WHAT TO PRODUCE
An exact copy of the entries, with every picture omitted, is what is needed here.

Saved data entries
------------------------------
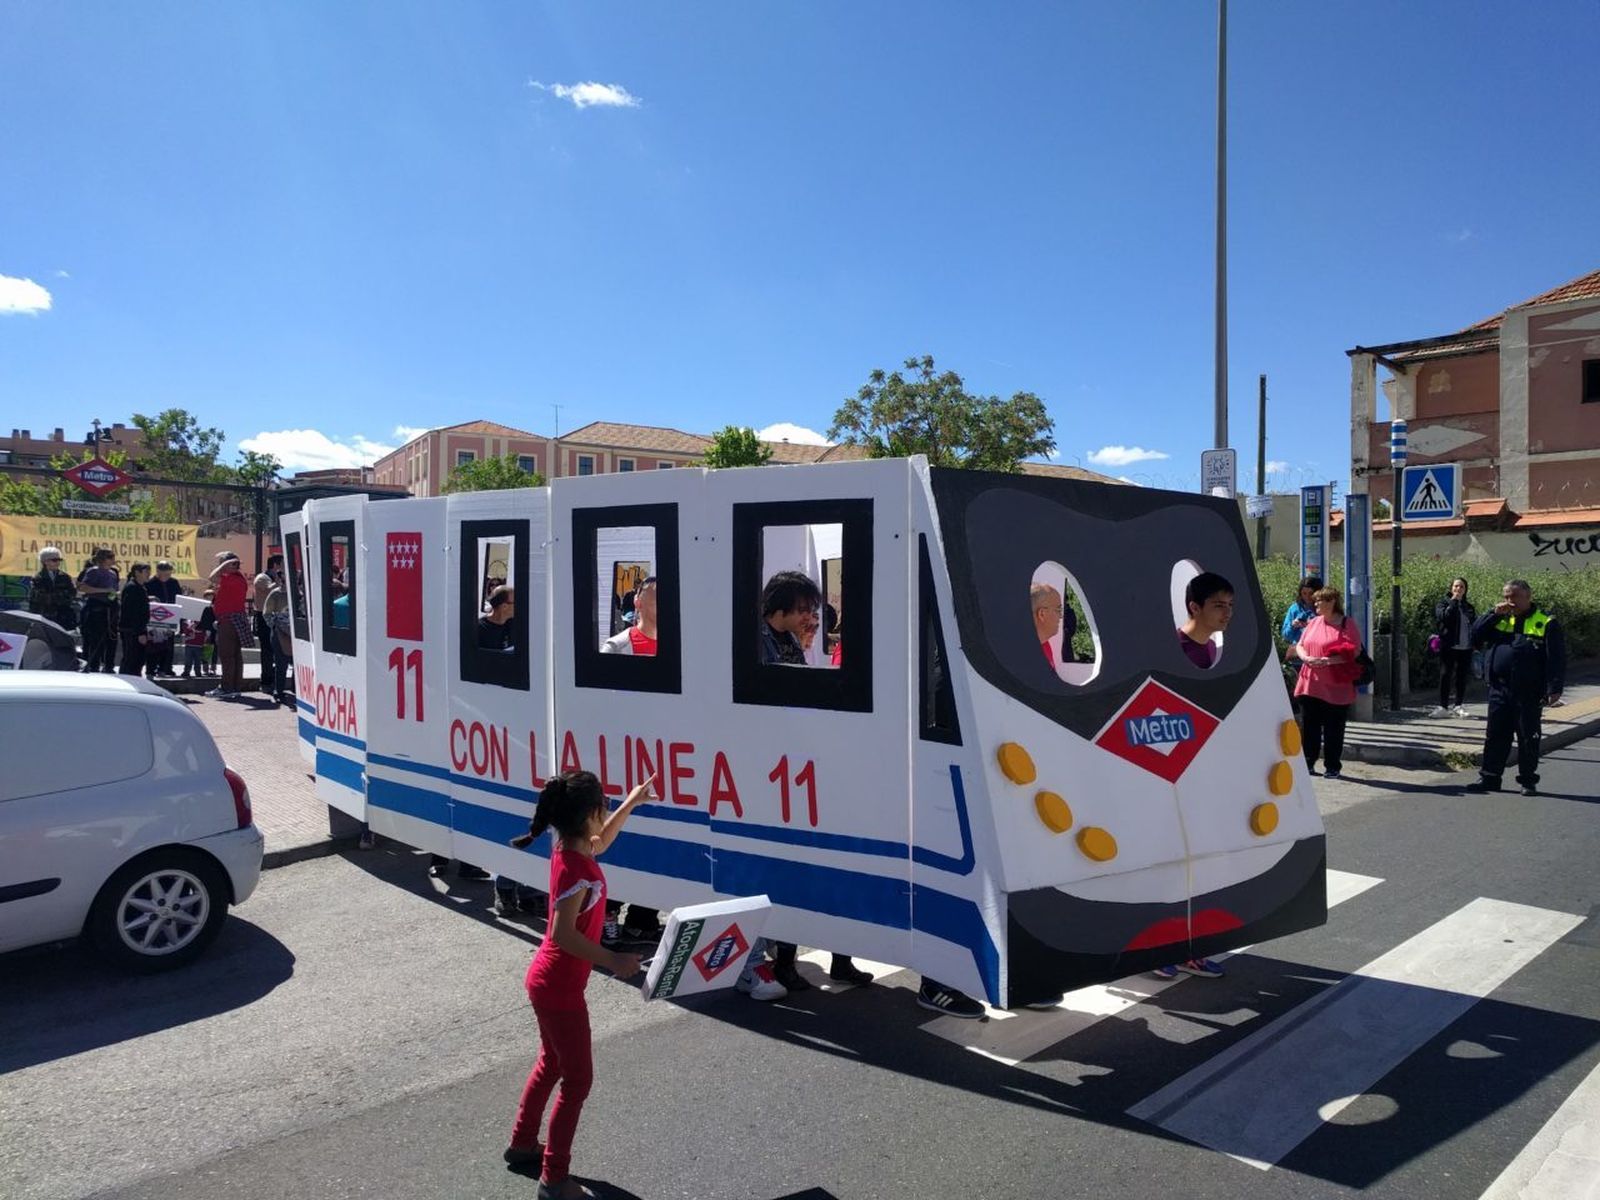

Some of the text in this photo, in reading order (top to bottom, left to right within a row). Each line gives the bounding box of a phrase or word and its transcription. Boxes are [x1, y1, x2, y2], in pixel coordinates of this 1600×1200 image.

[84, 471, 114, 482] Metro
[38, 522, 184, 542] CARABANCHEL EXIGE
[21, 540, 38, 553] LA
[155, 545, 171, 558] DE
[177, 546, 192, 558] LA
[388, 646, 424, 722] 11
[1129, 716, 1190, 745] Metro
[450, 719, 818, 827] CON LA LINEA 11
[710, 938, 734, 967] Metro
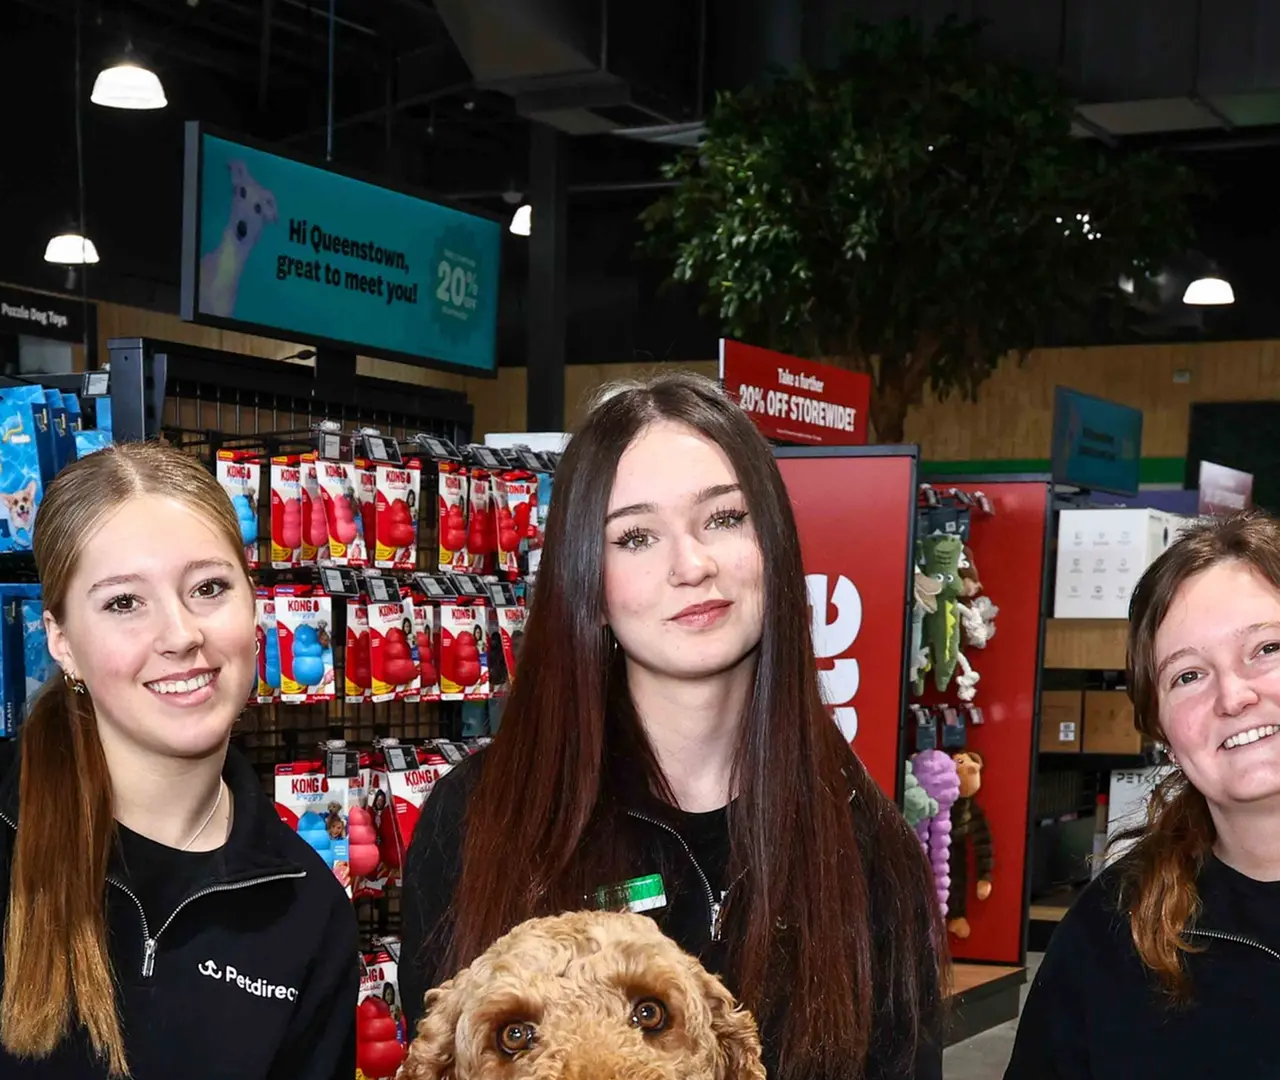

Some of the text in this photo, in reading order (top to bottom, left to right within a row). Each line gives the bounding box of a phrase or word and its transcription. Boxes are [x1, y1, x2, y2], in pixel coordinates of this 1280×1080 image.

[289, 218, 307, 244] Hi
[310, 225, 410, 275] Queenstown,
[276, 254, 418, 305] great to meet you!
[1, 302, 67, 327] Puzzle Dog Toys
[777, 368, 794, 387] Take
[799, 371, 825, 393] further
[739, 384, 857, 432] 20% OFF STOREWIDE!
[226, 466, 245, 479] KONG
[325, 465, 343, 478] KONG
[386, 471, 406, 484] KONG
[288, 600, 312, 613] KONG
[292, 778, 319, 794] KONG
[404, 770, 433, 787] KONG
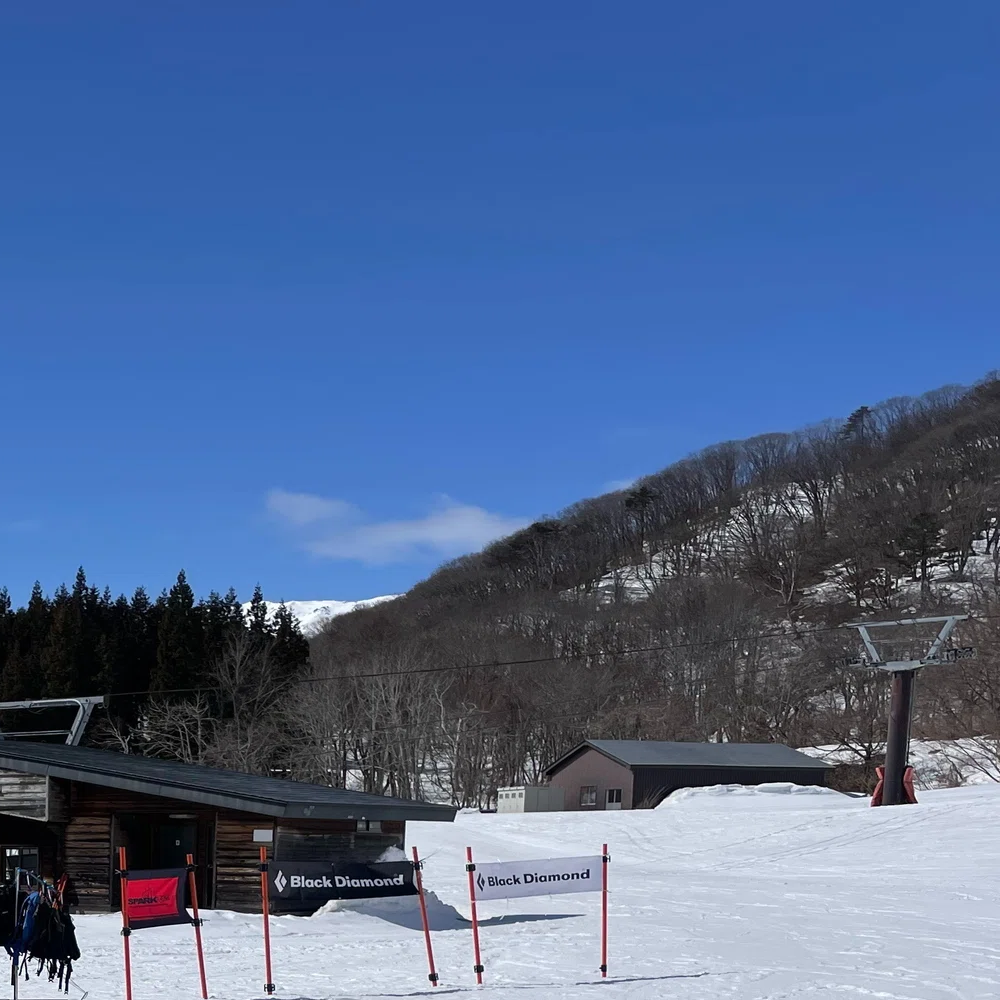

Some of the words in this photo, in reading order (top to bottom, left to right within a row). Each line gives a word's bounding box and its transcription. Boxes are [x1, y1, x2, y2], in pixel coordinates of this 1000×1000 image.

[290, 875, 333, 888] Black
[335, 874, 405, 888] Diamond
[487, 874, 522, 888] Black
[523, 869, 590, 884] Diamond
[128, 897, 158, 905] SPARK
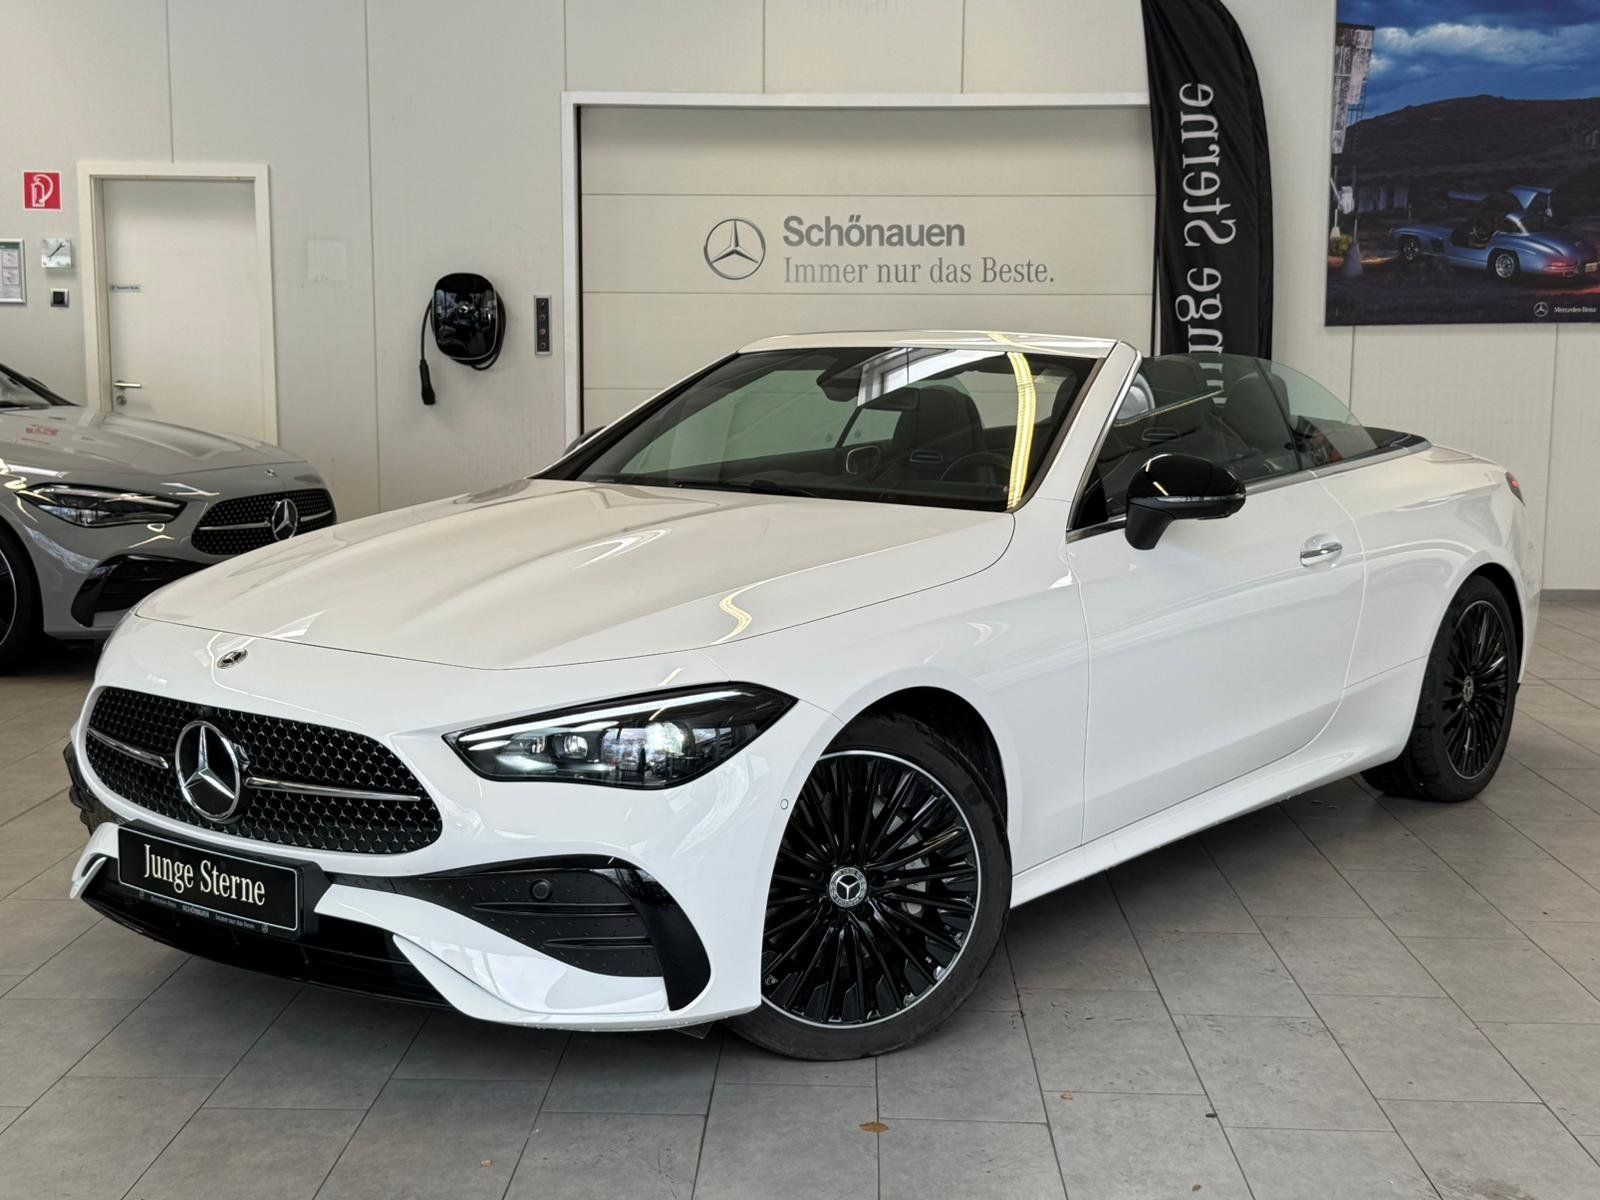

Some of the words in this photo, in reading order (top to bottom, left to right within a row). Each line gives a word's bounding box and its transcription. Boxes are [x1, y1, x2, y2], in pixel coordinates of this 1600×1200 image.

[783, 256, 868, 283] Immer
[876, 261, 922, 283] nur
[929, 257, 972, 283] das
[980, 256, 1055, 283] Beste.
[143, 843, 194, 894] Junge
[199, 859, 266, 906] Sterne
------------------------------
TASK RESULT
Some of the text in this photo, in reading order (top to bottom, left to right within a row). Each line gives the bounding box of a phrase or word and its transcription. Boxes are [x1, y1, x2, y2], in pixel coordinates of this 1600×1200 image.

[84, 471, 114, 482] Metro
[38, 522, 184, 542] CARABANCHEL EXIGE
[21, 540, 38, 553] LA
[155, 545, 171, 558] DE
[177, 546, 192, 558] LA
[388, 646, 424, 722] 11
[1129, 716, 1190, 745] Metro
[450, 719, 818, 827] CON LA LINEA 11
[710, 938, 734, 967] Metro

Some of the text in this photo, in reading order (top to bottom, left to right within a row). Each line gives the bounding box of a phrase or word and its transcription. Boxes are [x1, y1, x2, y2], in pixel coordinates of this 1280×1080 image.

[289, 218, 307, 244] Hi
[310, 225, 410, 275] Queenstown,
[276, 254, 418, 305] great to meet you!
[1, 302, 67, 327] Puzzle Dog Toys
[777, 368, 794, 387] Take
[799, 371, 825, 393] further
[739, 384, 857, 432] 20% OFF STOREWIDE!
[226, 466, 245, 479] KONG
[325, 465, 343, 478] KONG
[386, 471, 406, 484] KONG
[288, 600, 312, 613] KONG
[292, 778, 319, 794] KONG
[404, 770, 433, 787] KONG

Some of the words in this photo, in reading order (top to bottom, left to right within a row). Each line gives a word's bounding box and its transcription. Boxes are [x1, y1, x2, y2], in pixel coordinates of this 1000×1000 image.

[290, 875, 333, 888] Black
[335, 874, 405, 888] Diamond
[487, 874, 522, 888] Black
[523, 869, 590, 884] Diamond
[128, 897, 158, 905] SPARK

Some of the words in this photo, in reading order (top to bottom, left to right within a row). Each line gives a word's bounding box and its transcription. Boxes are [x1, y1, x2, y2], in pixel coordinates of this 1600×1200 image.

[783, 256, 868, 283] Immer
[876, 261, 922, 283] nur
[929, 257, 972, 283] das
[980, 256, 1055, 283] Beste.
[143, 843, 194, 894] Junge
[199, 859, 266, 906] Sterne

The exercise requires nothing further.